- The Washington Times - Thursday, January 28, 2016

The Obama administration sent illegal immigrant children into “modern-day slavery” by turning them over to sponsors who forced them into child labor or subjected them to sexual abuse, members of Congress said Thursday as they demanded that top child protection officials explain how it could have happened.

Social workers don’t verify all sponsors’ identities, don’t make site visits to see the conditions they’re sending the children to, don’t insist on follow-up visits to see how the kids are doing and don’t consider serious criminal records — including child sex charges — automatic disqualification for hosting a child, congressional investigators said.

As a result, the government delivered children into the hands of what amounted to sexual predators or abusers or placed them into abject poverty, investigators detailed in a report about malfeasance at the Department of Health and Human Services’ Office of Refugee Resettlement.

One girl was sent to live with a man who claimed he was her cousin and who had paid to smuggle her into the U.S. It turned out he wasn’t related at all, but instead had paid to bring the girl — with her mother’s encouragement — on the understanding that she would become his wife. She became uncomfortable with their sexual relationship, came forward to report the real story and was taken into child protective services.

In another case, a boy was turned over to a man who posed as a relative, but was in fact connected to smugglers who forced the child to work almost 12 hours a day to pay off the $6,500 his mother gave to smuggle him into the U.S., congressional investigators said. That situation is so prevalent it has earned a name: debt labor.

Worse yet, the administration acknowledged that it can’t account for each of the 90,000 children it processed and released since the surge peaked in 2014.

“It sounds like everything that could go wrong did go wrong,” said Sen. Rob Portman, chairman of the Senate’s Permanent Subcommittee on Investigations, which conducted a six-month investigation into the government’s handling of the tens of thousands of children who have poured across the border in the past few years.

Mark Greenberg, acting assistant secretary at the Administration for Children and Families, the HHS agency that oversees the handling of the children, stumbled for answers during a two-hour grilling, but said his officers were only following their policies.

He insisted that if there was a fault, it lay with Congress, who needed to rewrite the laws if it wanted his social workers to do more to keep children safe.
“What we’re talking about today is our understanding under the law,” he said.

The Obama administration admits it was overwhelmed when unaccompanied children — those sent on the treacherous journey north without a parent or guardian in tow — streamed across the border at the rate of more than 10,000 a month during the peak in the summer of 2014.

Local communities waged “not in my backyard” campaigns to keep the children from being housed at facilities near them, so the administration looked to quickly process and release the kids. Part of that meant relaxing the checks that were performed.

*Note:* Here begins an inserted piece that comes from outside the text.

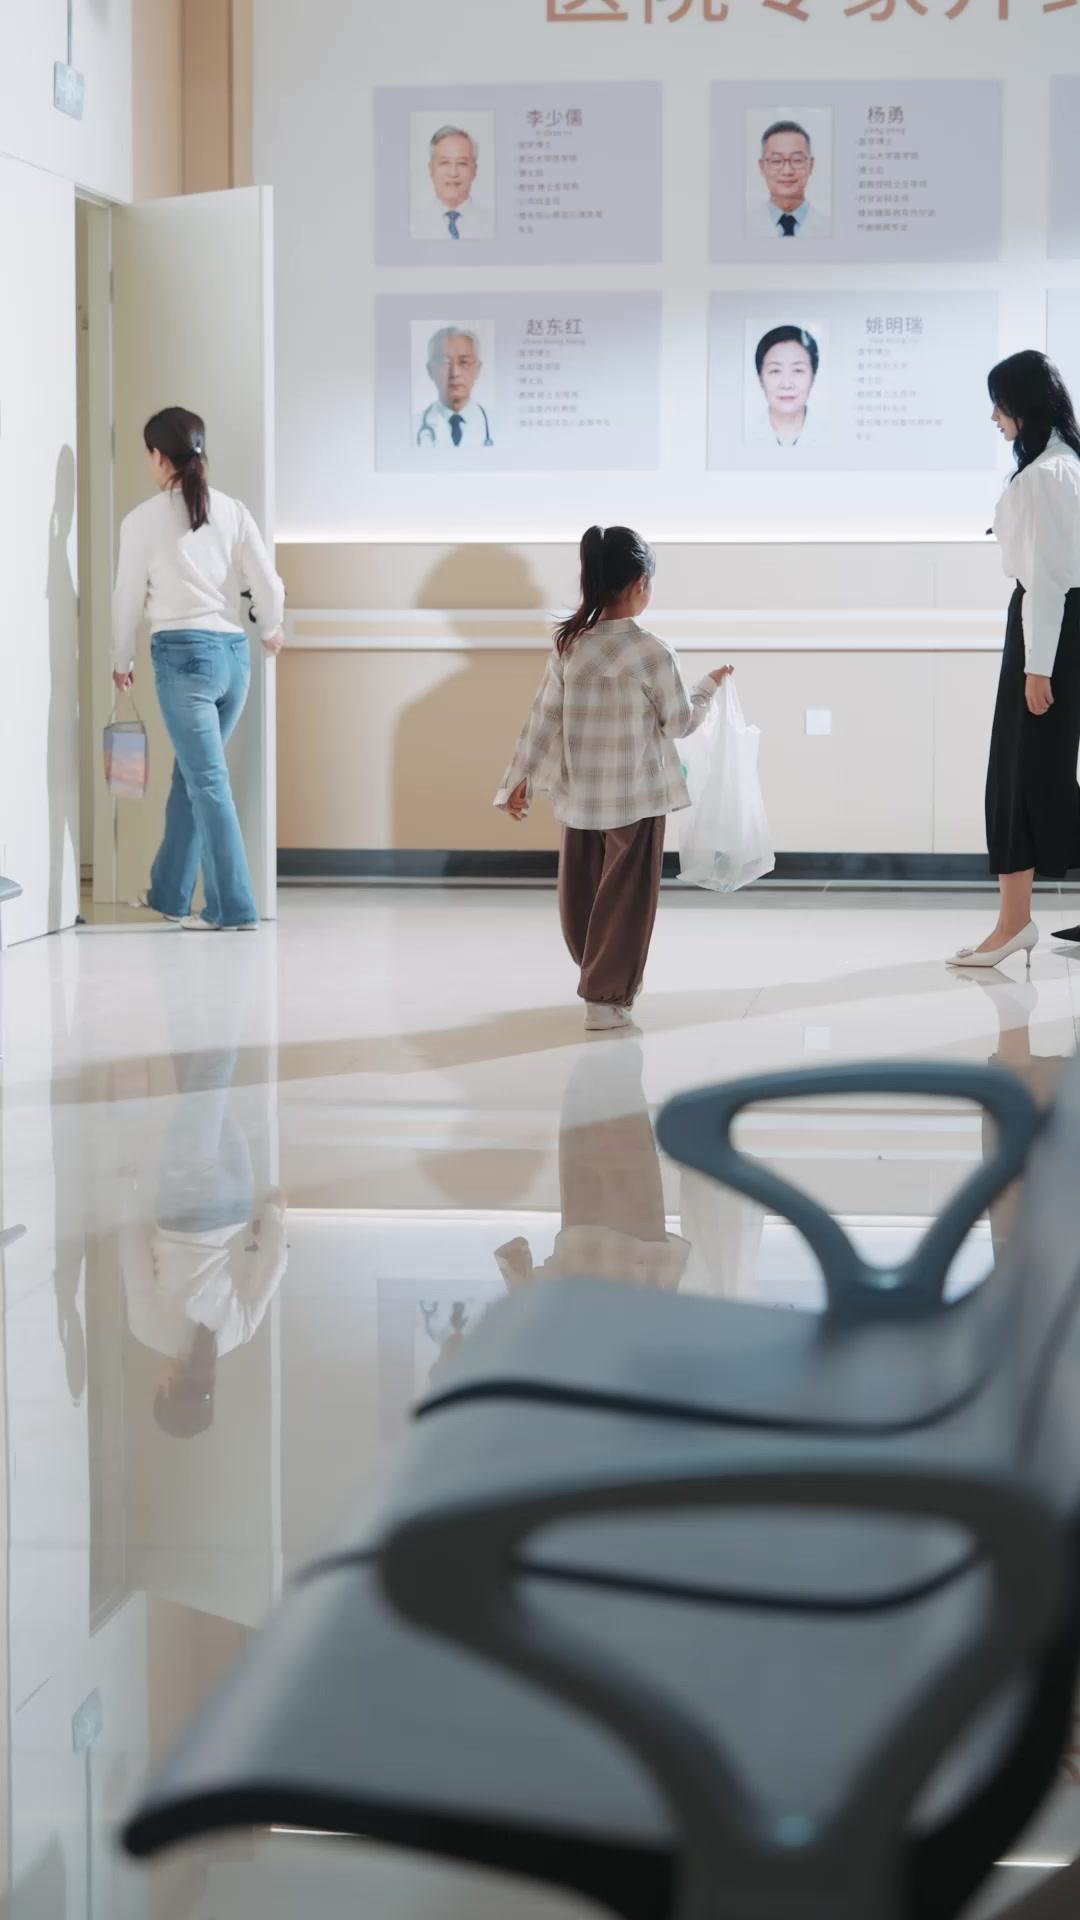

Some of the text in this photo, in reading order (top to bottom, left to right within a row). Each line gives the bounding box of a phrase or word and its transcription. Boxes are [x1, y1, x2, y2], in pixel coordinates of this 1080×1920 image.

The Washington Times reported in July 2014, at the height of the surge, that advocates predicted children would be sent to unsafe homes, with one group estimating that as many as 10 percent of the children were being sent to live in unacceptable or dangerous conditions.

But 18 months on, the Obama administration has yet to revoke a single sponsor’s custody agreement, with the administration saying once it has placed a child in the hands of a sponsor — either a relative, family friend or someone else — they no longer have control.

If a sponsor refuses to answer questions and shuts the door in the face of a social worker, there’s nothing the administration can do, Mr. Greenberg told the Senate panel.

“Our view that we don’t have continuing custody after we release a child is a long-standing view,” he said. “If this is an area where Congress wants the law to be different, Congress should change the law.”

HHS did not disqualify families even if the sponsor was an illegal immigrant in danger of being deported himself.

Home visits are made in just 4 percent of the tens of thousands of cases, and it wasn’t until earlier this week — years into the unaccompanied minor crisis — that HHS adopted a new policy preventing children from being shipped to homes where someone has been convicted of a sex crime.

“We’re talking about felony convictions for child abuse. Hello?” said a frustrated Sen. Claire McCaskill, Missouri Democrat.

About 90 percent of the children were sent to live with parents or close relatives, but that left thousands who were placed with other sponsors — often people claiming to be family friends.

The subcommittee investigation found some sponsors tried to claim multiple children, and some addresses were repeatedly listed on sponsorship forms, suggesting that government officials should have spotted something wrong.

In the worst public case so far, investigators said human traffickers used the government’s placement program to sneak kids from Guatemala to the U.S., where HHS processed them at the border, then delivered them to supposed family friends. But the friends turned out to be sponsors-for-hire who, as soon as they collected the kids from HHS, turned them over to the traffickers who were running an egg farm in Marion County, Ohio, and needed the children for cheap labor.

The children were forced to work 12-hour days, six or seven days a week, and lived together in a dilapidated trailer. The traffickers withheld paychecks and threatened their families back home in Guatemala to intimidate the children, Mr. Portman said.

“It is intolerable that human trafficking — modern-day slavery — could occur in our own backyard. But what makes the Marion cases even more alarming is that a U.S. government agency was responsible for delivering some of the victims into the hands of their abusers,” he said.